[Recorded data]
►
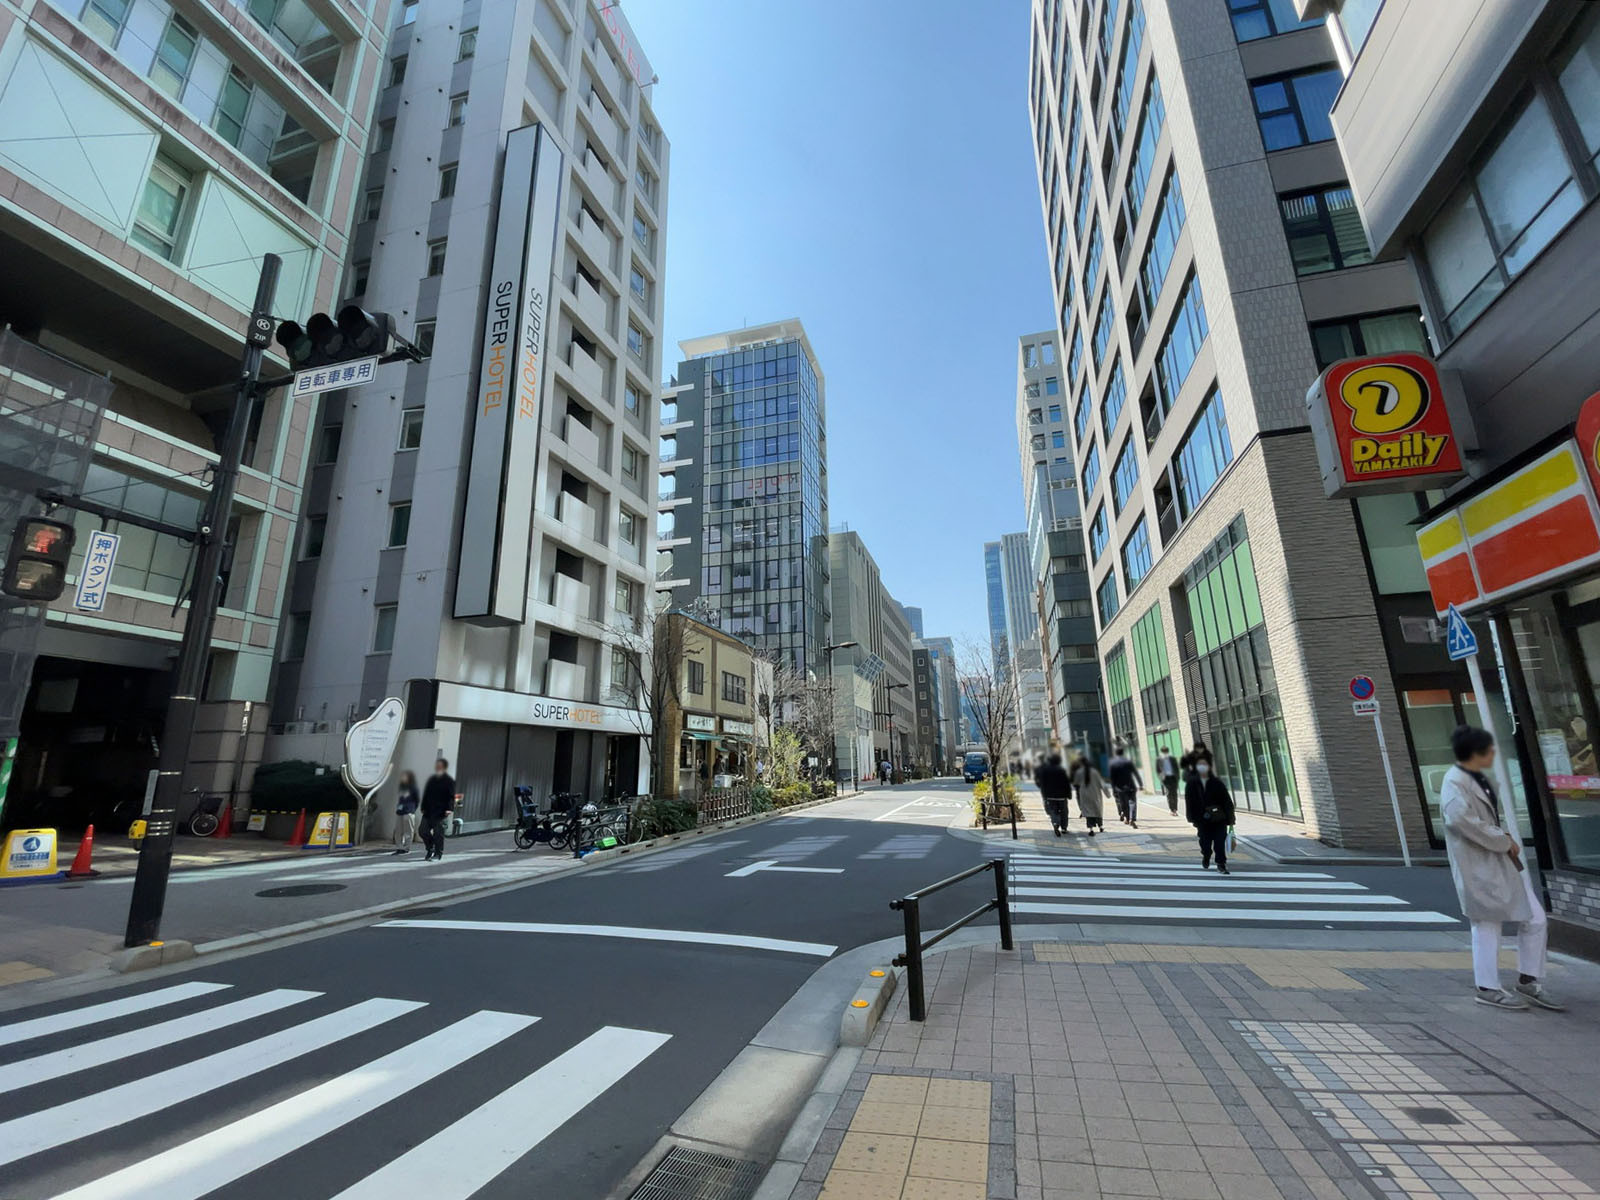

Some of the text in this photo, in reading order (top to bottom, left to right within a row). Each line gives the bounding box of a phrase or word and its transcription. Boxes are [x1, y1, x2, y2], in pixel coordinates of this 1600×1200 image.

[300, 363, 371, 391] 自転車専用
[1351, 432, 1448, 467] Daily
[1355, 455, 1424, 473] YAMAZAKI
[82, 537, 112, 605] 押ボタン式
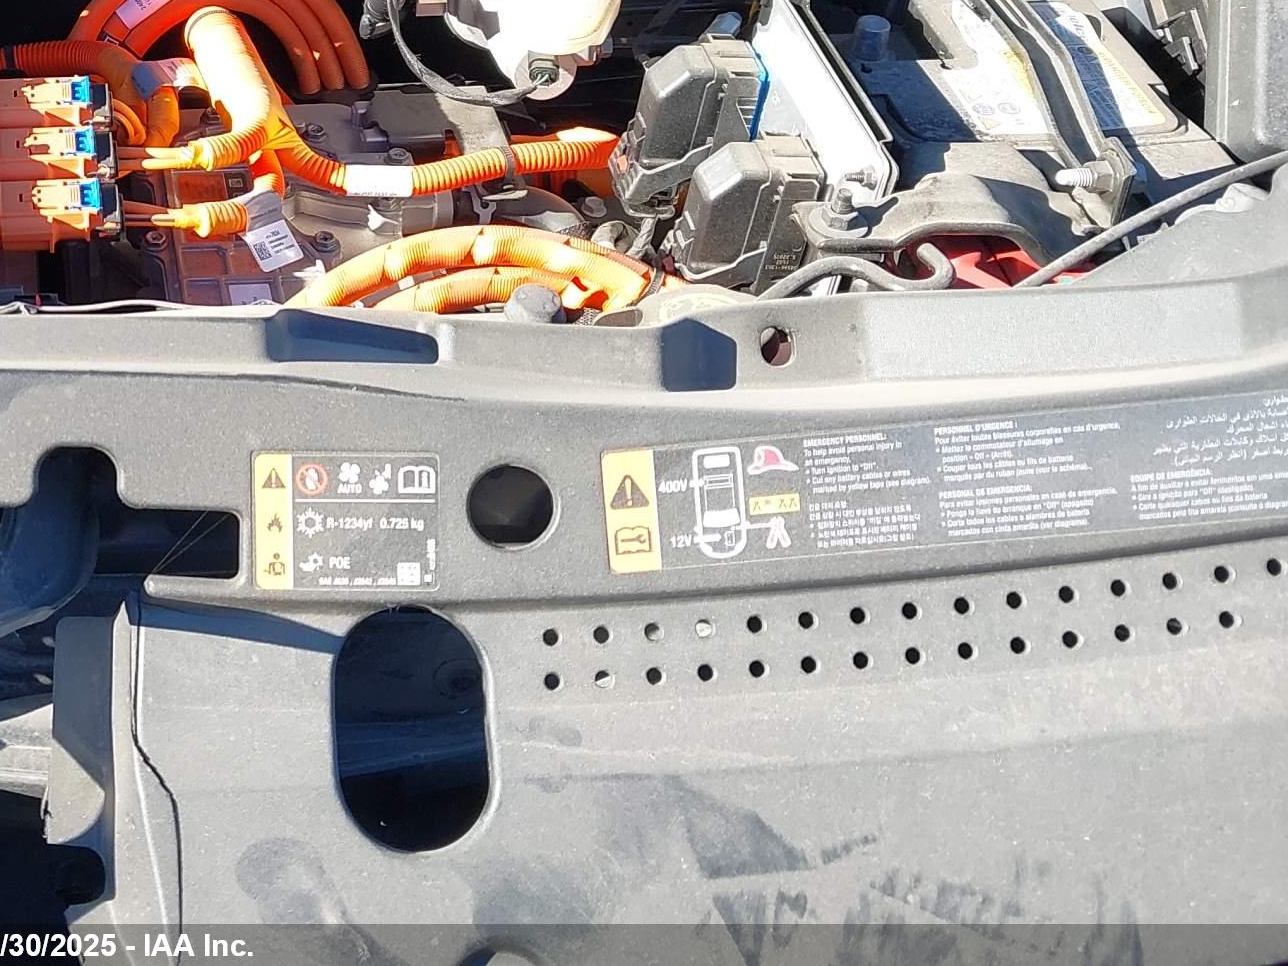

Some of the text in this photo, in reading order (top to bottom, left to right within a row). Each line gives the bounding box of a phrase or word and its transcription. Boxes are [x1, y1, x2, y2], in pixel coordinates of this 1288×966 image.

[934, 425, 973, 436] PERSONNEL
[803, 436, 844, 448] EMERGENCY
[935, 436, 950, 445] Pour
[973, 440, 1016, 451] commutateur
[813, 448, 826, 457] help
[828, 446, 846, 454] avoid
[847, 444, 874, 454] personal
[876, 442, 894, 452] injury
[942, 454, 968, 465] position
[827, 464, 850, 474] ignition
[943, 464, 966, 473] Couper
[838, 472, 860, 482] battery
[1130, 472, 1154, 483] EQUIPE
[1156, 472, 1165, 480] DE
[337, 484, 362, 494] AUTO
[658, 478, 688, 494] 400V
[813, 484, 837, 494] marked
[848, 481, 868, 492] yellow
[938, 489, 974, 500] PERSONAL
[976, 488, 986, 496] DE
[1004, 494, 1040, 504] personales
[946, 510, 967, 518] Ponga
[326, 517, 424, 532] R-1234yf 0.725 kg
[948, 528, 980, 536] marcados
[670, 534, 694, 548] 12V
[329, 556, 351, 569] POE
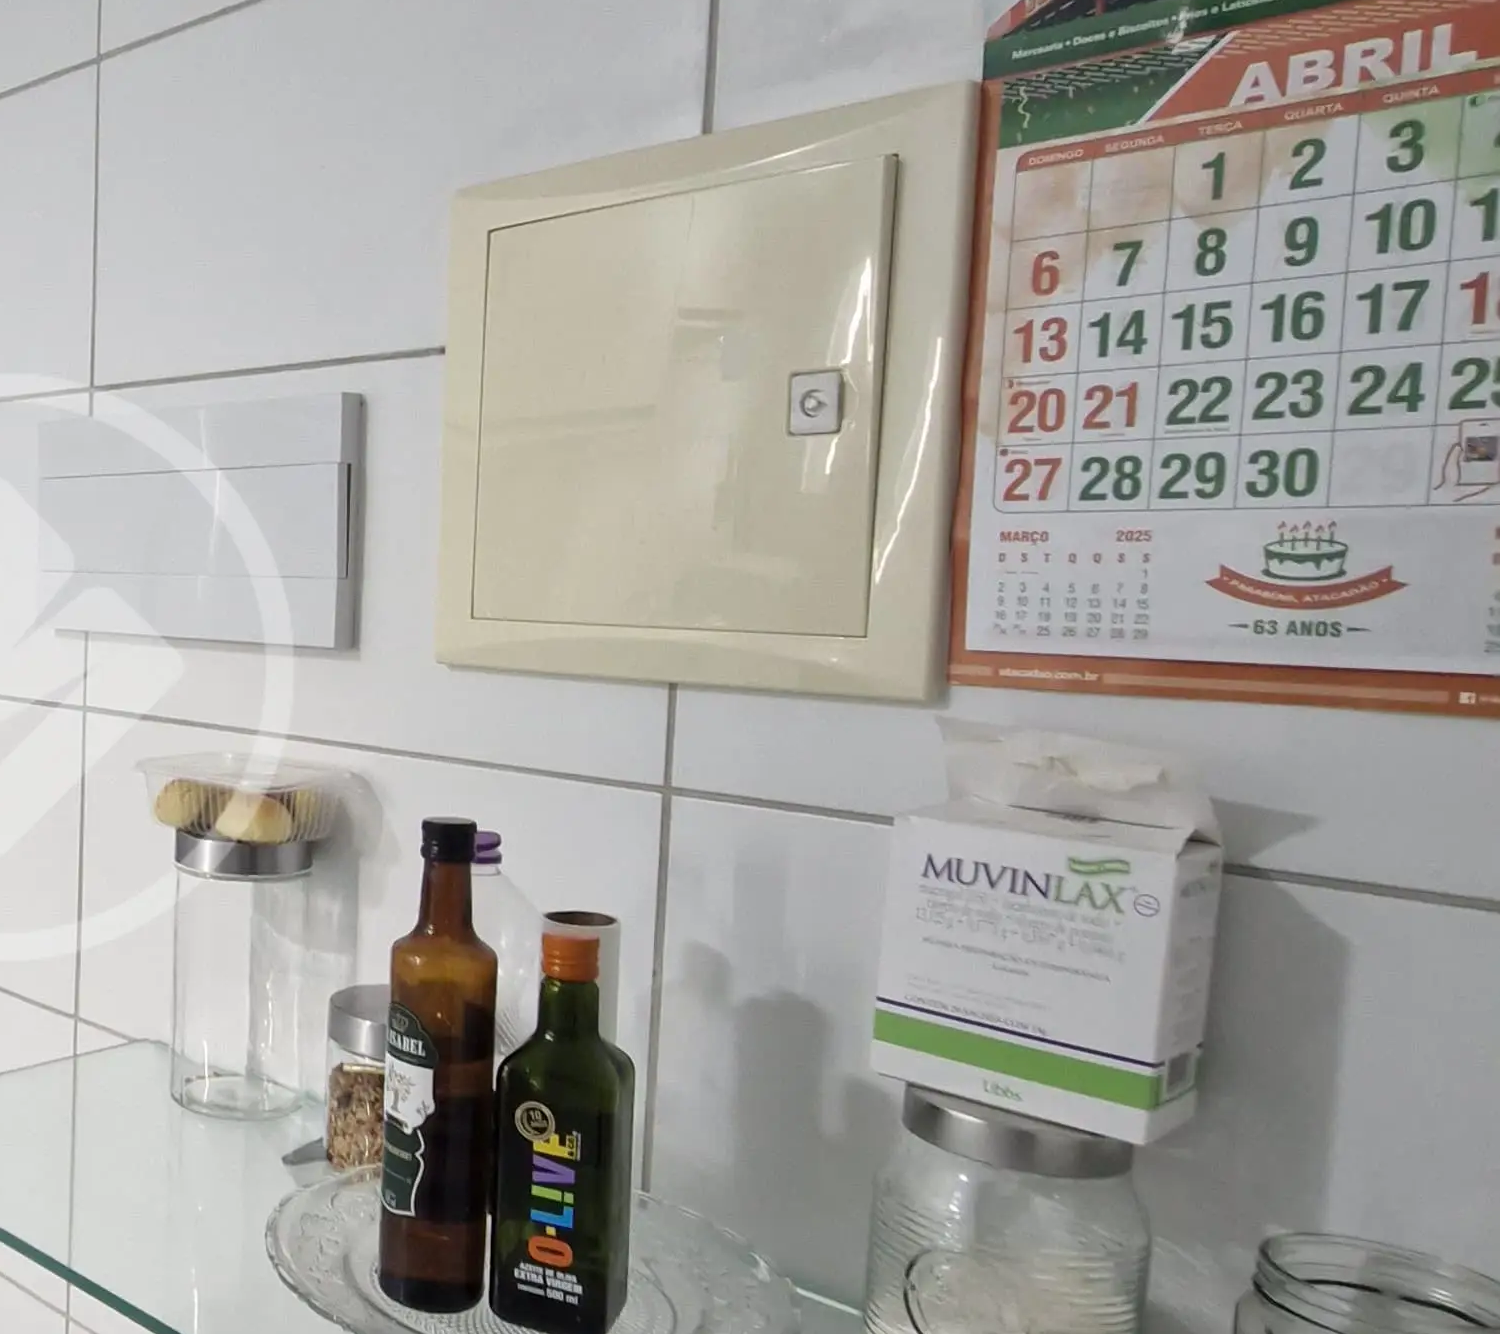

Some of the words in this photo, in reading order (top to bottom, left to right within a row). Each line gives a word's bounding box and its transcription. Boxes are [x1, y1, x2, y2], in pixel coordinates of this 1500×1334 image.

[1228, 24, 1477, 108] ABRIL
[1028, 148, 1084, 166] DOMINGO
[1105, 134, 1164, 152] SEGUNDA
[1284, 102, 1344, 120] QUARTA
[1382, 85, 1439, 104] QUINTA
[1202, 152, 1226, 200] 1
[1289, 138, 1327, 190] 2
[1386, 119, 1425, 173] 3
[1031, 250, 1060, 296] 6
[1112, 240, 1144, 287] 7
[1195, 228, 1227, 276] 8
[1284, 216, 1319, 267] 9
[1366, 198, 1436, 255] 10
[1014, 317, 1068, 364] 13
[1089, 309, 1147, 358] 14
[1172, 300, 1233, 351] 15
[1260, 291, 1325, 343] 16
[1357, 279, 1430, 334] 17
[1460, 271, 1500, 325] 1
[1007, 388, 1066, 433] 20
[1082, 381, 1138, 430] 21
[1166, 376, 1233, 425] 22
[1252, 369, 1325, 420] 23
[1347, 362, 1425, 416] 24
[1448, 357, 1500, 410] 2
[1003, 458, 1062, 501] 27
[1078, 455, 1143, 501] 28
[1158, 452, 1226, 500] 29
[1246, 447, 1319, 498] 30
[999, 530, 1050, 546] MARÇO
[1115, 529, 1153, 543] 2025
[1253, 619, 1278, 636] 63
[1286, 620, 1342, 638] ANOS
[921, 853, 1125, 914] MUVINLAX
[984, 1078, 1023, 1102] Libbs
[514, 1267, 544, 1285] EXTRA
◄
(What you have to do):
Transcribe the complete set of entries verbatim. No pictures belong in the copy.

(Answer section):
Some of the text in this photo, in reading order (top to bottom, left to right within a row). Each line gives the bounding box of a phrase or word and its transcription. Boxes are [x1, y1, x2, y2], in pixel coordinates of this 1600×1200 image.

[300, 363, 371, 391] 自転車専用
[1351, 432, 1448, 467] Daily
[1355, 455, 1424, 473] YAMAZAKI
[82, 537, 112, 605] 押ボタン式

Some of the text in this photo, in reading order (top to bottom, left to right within a row). Each line gives the bounding box of a phrase or word and its transcription. Boxes are [x1, y1, x2, y2], in pixel coordinates of this 1288×966 image.

[934, 425, 973, 436] PERSONNEL
[803, 436, 844, 448] EMERGENCY
[935, 436, 950, 445] Pour
[973, 440, 1016, 451] commutateur
[813, 448, 826, 457] help
[828, 446, 846, 454] avoid
[847, 444, 874, 454] personal
[876, 442, 894, 452] injury
[942, 454, 968, 465] position
[827, 464, 850, 474] ignition
[943, 464, 966, 473] Couper
[838, 472, 860, 482] battery
[1130, 472, 1154, 483] EQUIPE
[1156, 472, 1165, 480] DE
[337, 484, 362, 494] AUTO
[658, 478, 688, 494] 400V
[813, 484, 837, 494] marked
[848, 481, 868, 492] yellow
[938, 489, 974, 500] PERSONAL
[976, 488, 986, 496] DE
[1004, 494, 1040, 504] personales
[946, 510, 967, 518] Ponga
[326, 517, 424, 532] R-1234yf 0.725 kg
[948, 528, 980, 536] marcados
[670, 534, 694, 548] 12V
[329, 556, 351, 569] POE

Some of the words in this photo, in reading order (top to bottom, left to right within a row). Each line gives a word's bounding box and its transcription. Boxes are [x1, y1, x2, y2], in pixel coordinates of this 1500×1334 image.

[1228, 24, 1477, 108] ABRIL
[1028, 148, 1084, 166] DOMINGO
[1105, 134, 1164, 152] SEGUNDA
[1284, 102, 1344, 120] QUARTA
[1382, 85, 1439, 104] QUINTA
[1202, 152, 1226, 200] 1
[1289, 138, 1327, 190] 2
[1386, 119, 1425, 173] 3
[1031, 250, 1060, 296] 6
[1112, 240, 1144, 287] 7
[1195, 228, 1227, 276] 8
[1284, 216, 1319, 267] 9
[1366, 198, 1436, 255] 10
[1014, 317, 1068, 364] 13
[1089, 309, 1147, 358] 14
[1172, 300, 1233, 351] 15
[1260, 291, 1325, 343] 16
[1357, 279, 1430, 334] 17
[1460, 271, 1500, 325] 1
[1007, 388, 1066, 433] 20
[1082, 381, 1138, 430] 21
[1166, 376, 1233, 425] 22
[1252, 369, 1325, 420] 23
[1347, 362, 1425, 416] 24
[1448, 357, 1500, 410] 2
[1003, 458, 1062, 501] 27
[1078, 455, 1143, 501] 28
[1158, 452, 1226, 500] 29
[1246, 447, 1319, 498] 30
[999, 530, 1050, 546] MARÇO
[1115, 529, 1153, 543] 2025
[1253, 619, 1278, 636] 63
[1286, 620, 1342, 638] ANOS
[921, 853, 1125, 914] MUVINLAX
[984, 1078, 1023, 1102] Libbs
[514, 1267, 544, 1285] EXTRA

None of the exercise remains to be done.